Chapter four examines the thought of Enlightenment philosophers such as Isaac Newton, John Locke, and Immanuel Kant. Here, the author argues that because Greek thought rejected God’s decretive will, instead allowing for “pure change” (p. 205), ancient rationalism is the ancestor of modern irrationalism. Thus, rather than epistemological and ethical submission to God, the modern man is caught between the horns of rationalism and irrationalism in the rebellion against God and promotion of human autonomy.
In chapter five, the author surveys “the fusion of Hermeticism, [post-]millenarianism, and apocalypticism,” which resulted in “the search for a universal science” (p. 212) in the seventeenth and eighteenth centuries. This universal science assumed religious characteristics as it sought to bridge the gap between “traditional philosophy and the natural sciences” (p. 222). This, in turn, gave way to the nigh-religious adherence to and faith in progress in the nineteenth century.

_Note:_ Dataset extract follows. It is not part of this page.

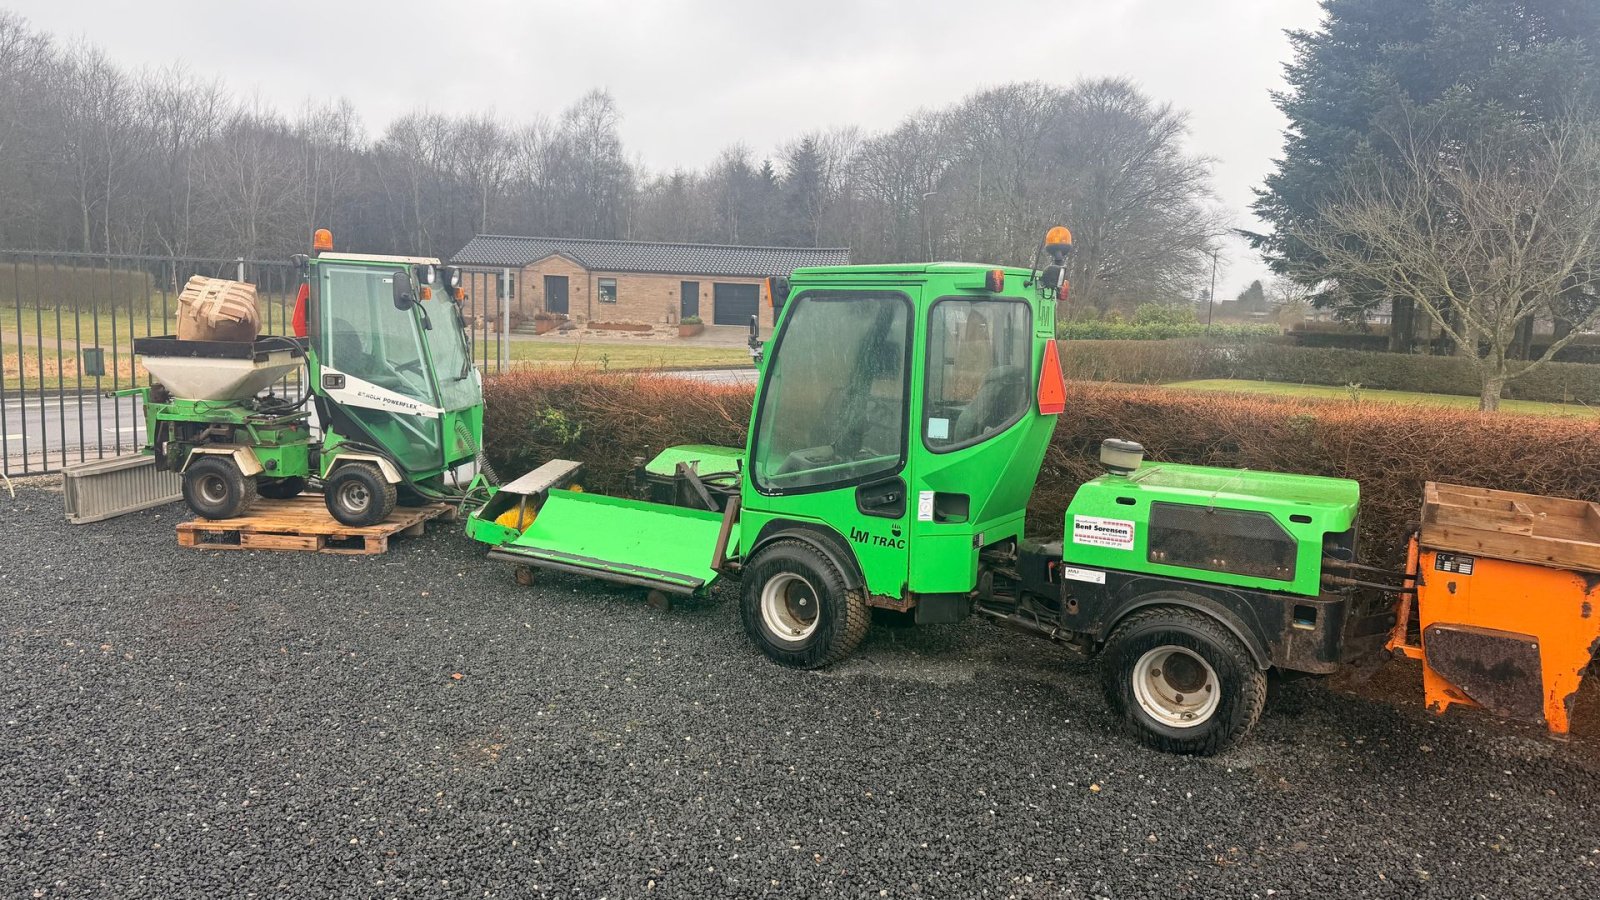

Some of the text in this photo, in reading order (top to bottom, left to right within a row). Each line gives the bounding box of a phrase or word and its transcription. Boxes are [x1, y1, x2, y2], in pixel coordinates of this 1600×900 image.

Chapter six focuses mainly on the prophetic voice of Aldous Huxley warning against the utopian vision controlled by ruling elites, which, ironically, opposed the vision of his brother, Julian Huxley, who advocated for a society ruled by a “new elite of superhumans” (p. 241), which later birthed transhumanism. Helpfully, Erdmann notes five characteristics of the transhumanist project: (1) boundless expansion; (2) self-transformation; (3) dynamic optimism (e.g., avoidance of “stagnant pessimism” [p. 270]); (4) intelligent technology; and an (5) open society (i.e., decentralized and tolerant). With the final chapter, the author drives home the notion that true societal progress can only be realized within the Christian worldview as it seeks to honor and submit to God and to avoid occultism and the self-referential nature of non-Christian philosophy.

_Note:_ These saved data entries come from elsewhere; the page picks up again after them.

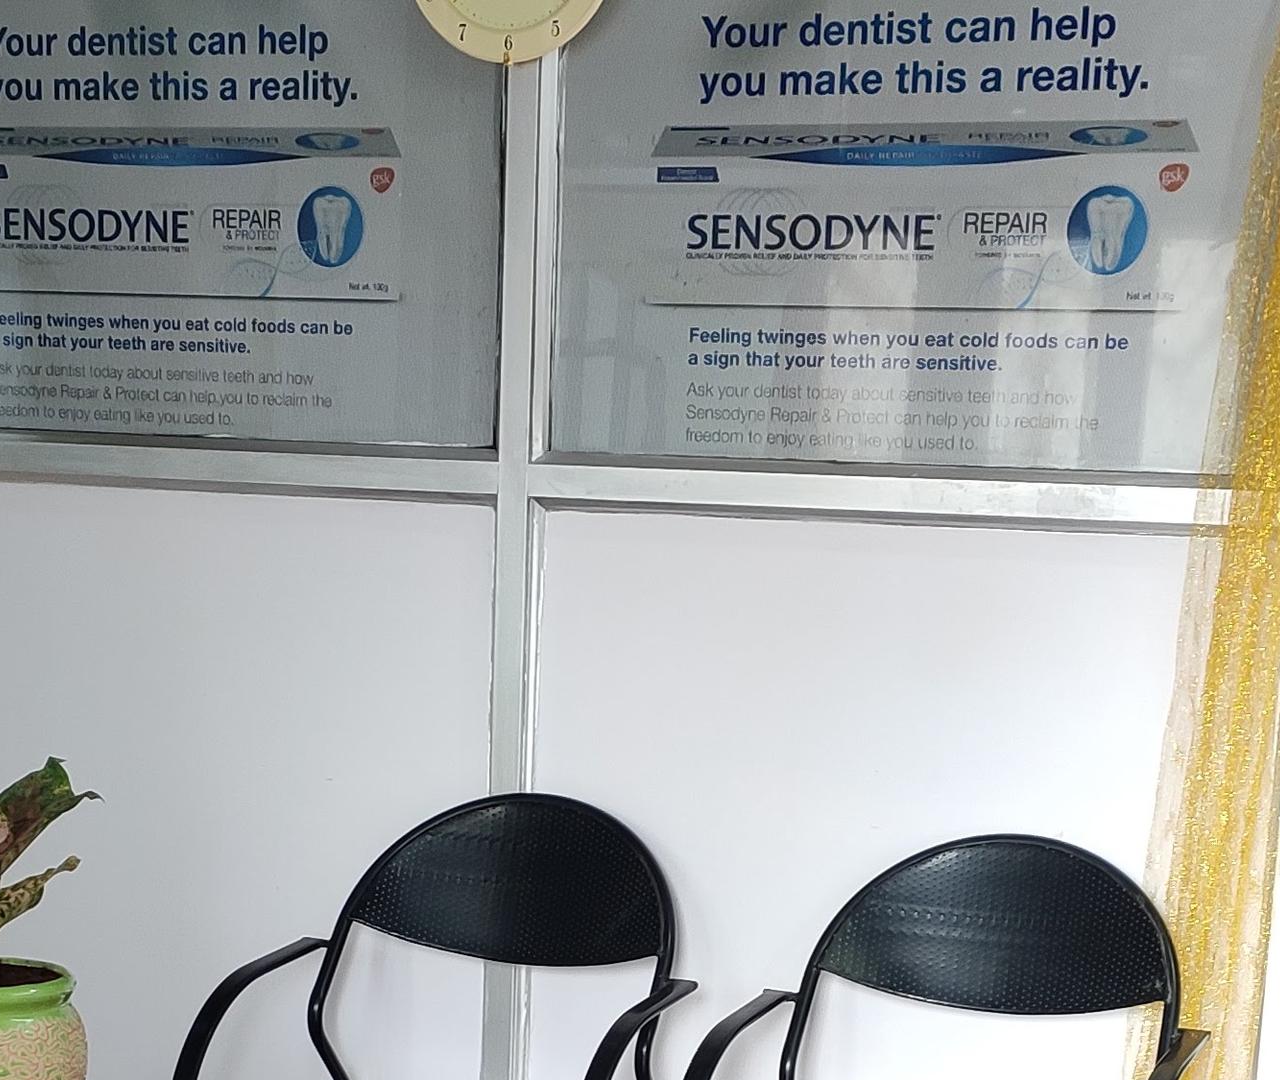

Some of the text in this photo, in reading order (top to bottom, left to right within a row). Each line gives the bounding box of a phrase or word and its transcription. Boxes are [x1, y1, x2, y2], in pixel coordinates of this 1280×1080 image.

[458, 24, 467, 41] 7
[551, 20, 560, 37] 5
[702, 5, 1116, 48] Your dentist can help
[67, 26, 177, 56] dentist
[188, 30, 246, 55] can
[258, 24, 328, 61] help
[504, 35, 513, 50] 6
[54, 71, 139, 101] make
[149, 71, 208, 101] this
[220, 76, 237, 101] a
[249, 70, 358, 107] reality.
[700, 56, 1149, 105] you make this a reality.
[372, 173, 390, 187] gsk
[1162, 167, 1185, 185] gsk
[213, 208, 281, 230] REPAIR
[963, 212, 1048, 234] REPAIR
[235, 230, 279, 241] PROTECT
[686, 214, 936, 251] SENSODYNE
[979, 234, 1046, 246] & PROTECT
[47, 313, 104, 330] twinges
[109, 315, 149, 330] when
[153, 318, 180, 333] you
[186, 318, 209, 331] eat
[214, 317, 246, 332] cold
[251, 318, 295, 333] foods
[300, 322, 328, 334] can
[334, 320, 353, 335] be
[3, 332, 33, 349] sign
[38, 333, 66, 348] that
[70, 336, 104, 351] your
[108, 335, 146, 350] teeth
[151, 339, 174, 351] are
[179, 338, 250, 353] sensitive.
[689, 327, 1129, 350] Feeling twinges when you eat cold foods can be
[687, 350, 1002, 371] a sign that your teeth are sensitive.
[16, 364, 42, 378] your
[46, 363, 86, 377] dentist
[90, 365, 123, 381] today
[127, 367, 162, 380] about
[166, 368, 219, 382] sensitive
[223, 370, 254, 383] teeth
[259, 371, 282, 384] and
[286, 371, 314, 385] how
[61, 384, 99, 401] Repair
[103, 386, 111, 400] &
[115, 386, 159, 402] Protect
[163, 390, 186, 402] can
[189, 390, 216, 406] help
[219, 393, 242, 407] you
[246, 393, 258, 405] to
[263, 392, 307, 406] reclaim
[312, 394, 332, 408] the
[686, 382, 1075, 405] Ask your dentist today about sensitive teeth and how
[44, 404, 55, 418] to
[58, 408, 90, 422] enjoy
[94, 408, 130, 423] eating
[134, 407, 154, 422] like
[158, 411, 180, 426] you
[184, 410, 214, 425] used
[686, 404, 765, 423] Sensodyne
[771, 406, 816, 424] Repair
[822, 407, 831, 423] &
[836, 408, 888, 424] Protect
[894, 411, 921, 425] can
[926, 411, 958, 429] help
[962, 414, 990, 430] you
[995, 413, 1009, 427] to
[1014, 413, 1068, 429] reclaim
[686, 427, 743, 443] freedom
[748, 429, 762, 444] to
[767, 431, 805, 447] enjoy
[809, 431, 853, 448] eating
[886, 434, 912, 449] you
[918, 435, 955, 450] used

Overall, this is a book worth consulting to get a grasp of how transhumanism stands in a long tradition of attempts by humans to transcend their God given limitations. A few minor quibbles are worth mentioned, though I hasten to add that they do not substantially detract from the usefulness of this work. First, the author paints the Eastern Orthodox view of deification in a largely negative light. Though it could be argued that the eliding of the creator/creature distinction is built in to this concept, Erdmann’s does not make the reader aware of a perspective of theosis that does not have this theological implication (cf. Robert Letham, Systematic Theology for a more sympathetic treatment. Second, while one can agree that the monastic elevation of physical labor as a means of meriting divine merit is surely correct, I wonder if there are more positive ways to understand this phenomenon (e.g., Brother Lawrence). Third, not all adherents of postmillennialism will likely find Erdmann’s construal of their position, especially how it has contributed to a trajectory away from God, charitable. Lastly, this book read much like another largely negative intellectual history, Michael McClymond’s The Devil’s Redemption (Baker Academic, 2018). While a negative slant on things is not necessarily bad, it might prove tiring for the less enduring reader.

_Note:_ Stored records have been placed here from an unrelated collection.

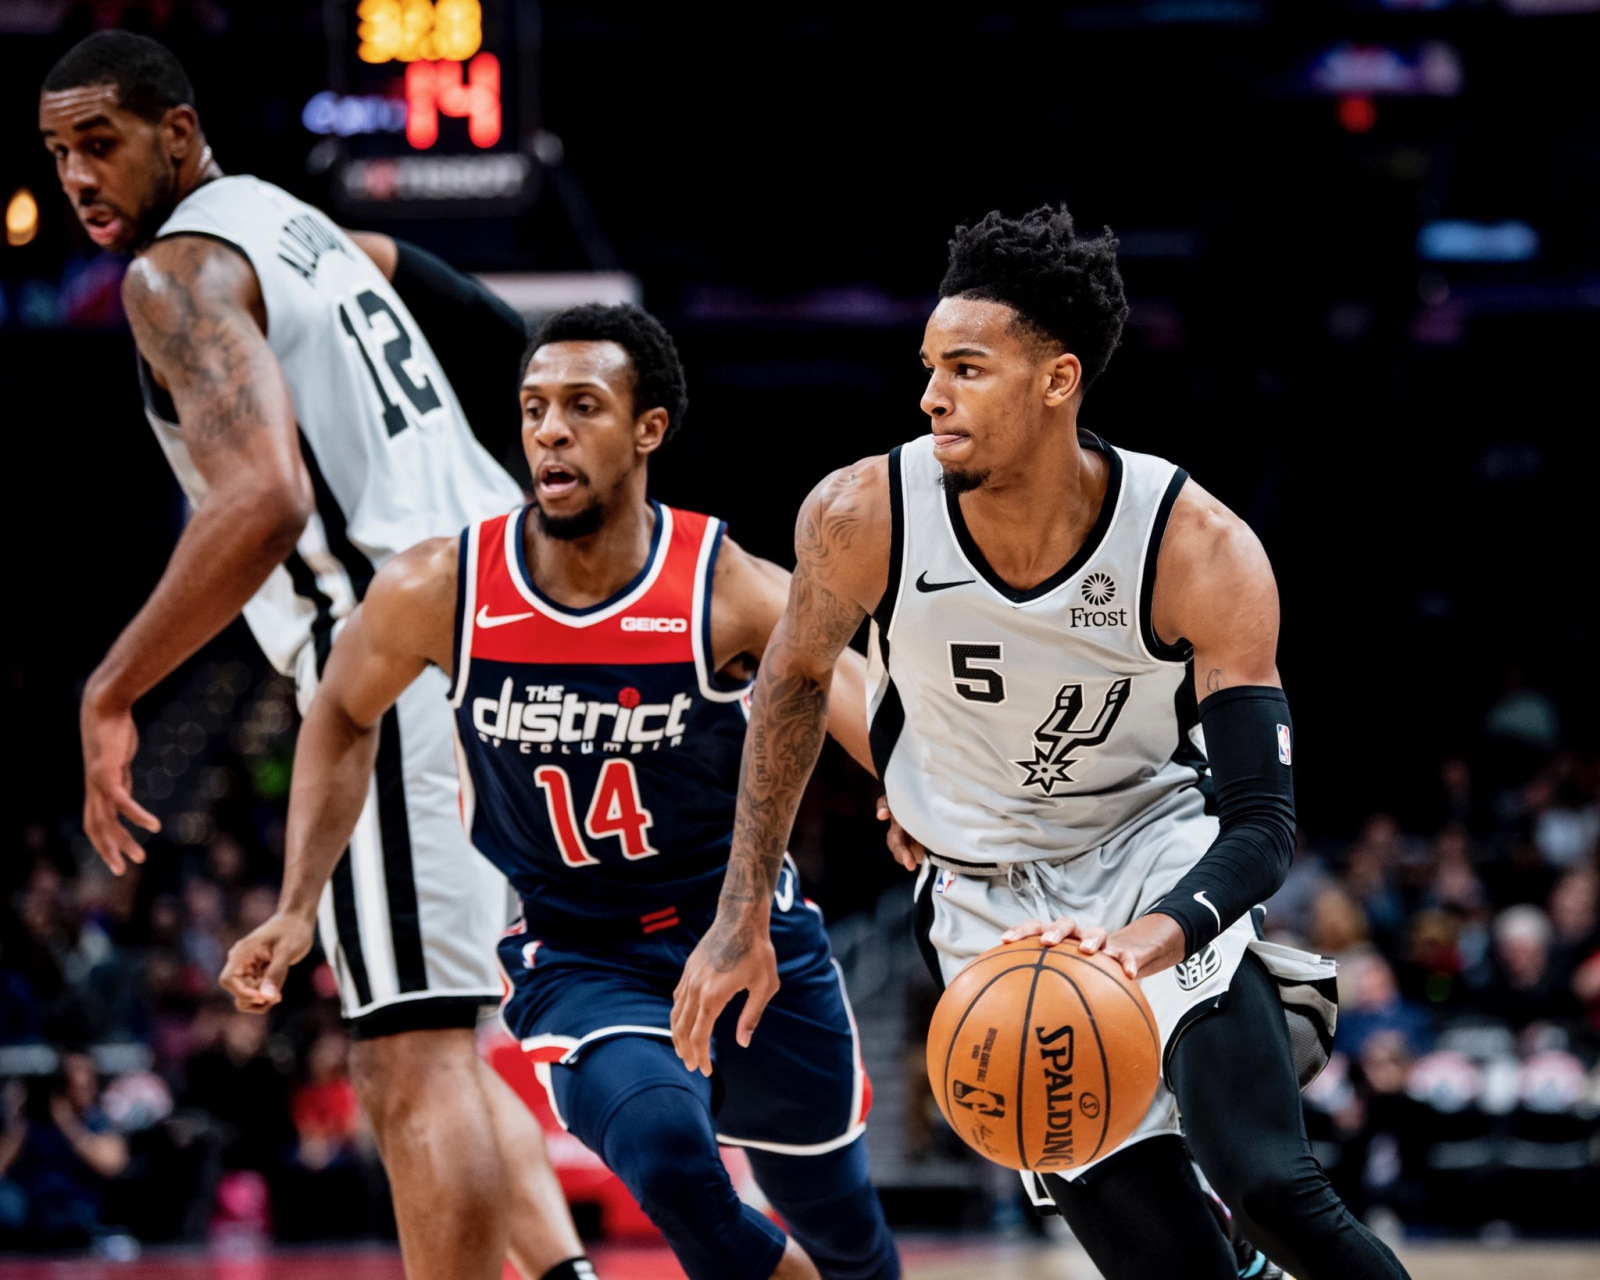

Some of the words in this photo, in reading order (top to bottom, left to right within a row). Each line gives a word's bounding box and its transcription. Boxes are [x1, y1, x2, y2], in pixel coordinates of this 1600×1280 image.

[405, 51, 501, 149] 14
[338, 289, 443, 439] 12
[620, 616, 687, 633] GEICO
[1069, 607, 1128, 628] Frost
[525, 685, 565, 702] THE
[948, 641, 1007, 706] 5
[472, 676, 693, 744] district
[533, 757, 660, 868] 14
[1034, 1024, 1075, 1169] SPALDING

In conclusion, this is truly a remarkable work. The range of sources consulted, the depth and breadth of the author’s treatment, and the seriousness of the topic considered makes this essential reading for anyone interesting in the turn toward transhumanism, especially since this movement is not likely to be going anywhere any time soon. It also anticipates (likely not intended by the author) in many aspects the projected three-volume work by Michael Horton on a history of the notion of ‘spiritual but not religious.’ Highly recommended.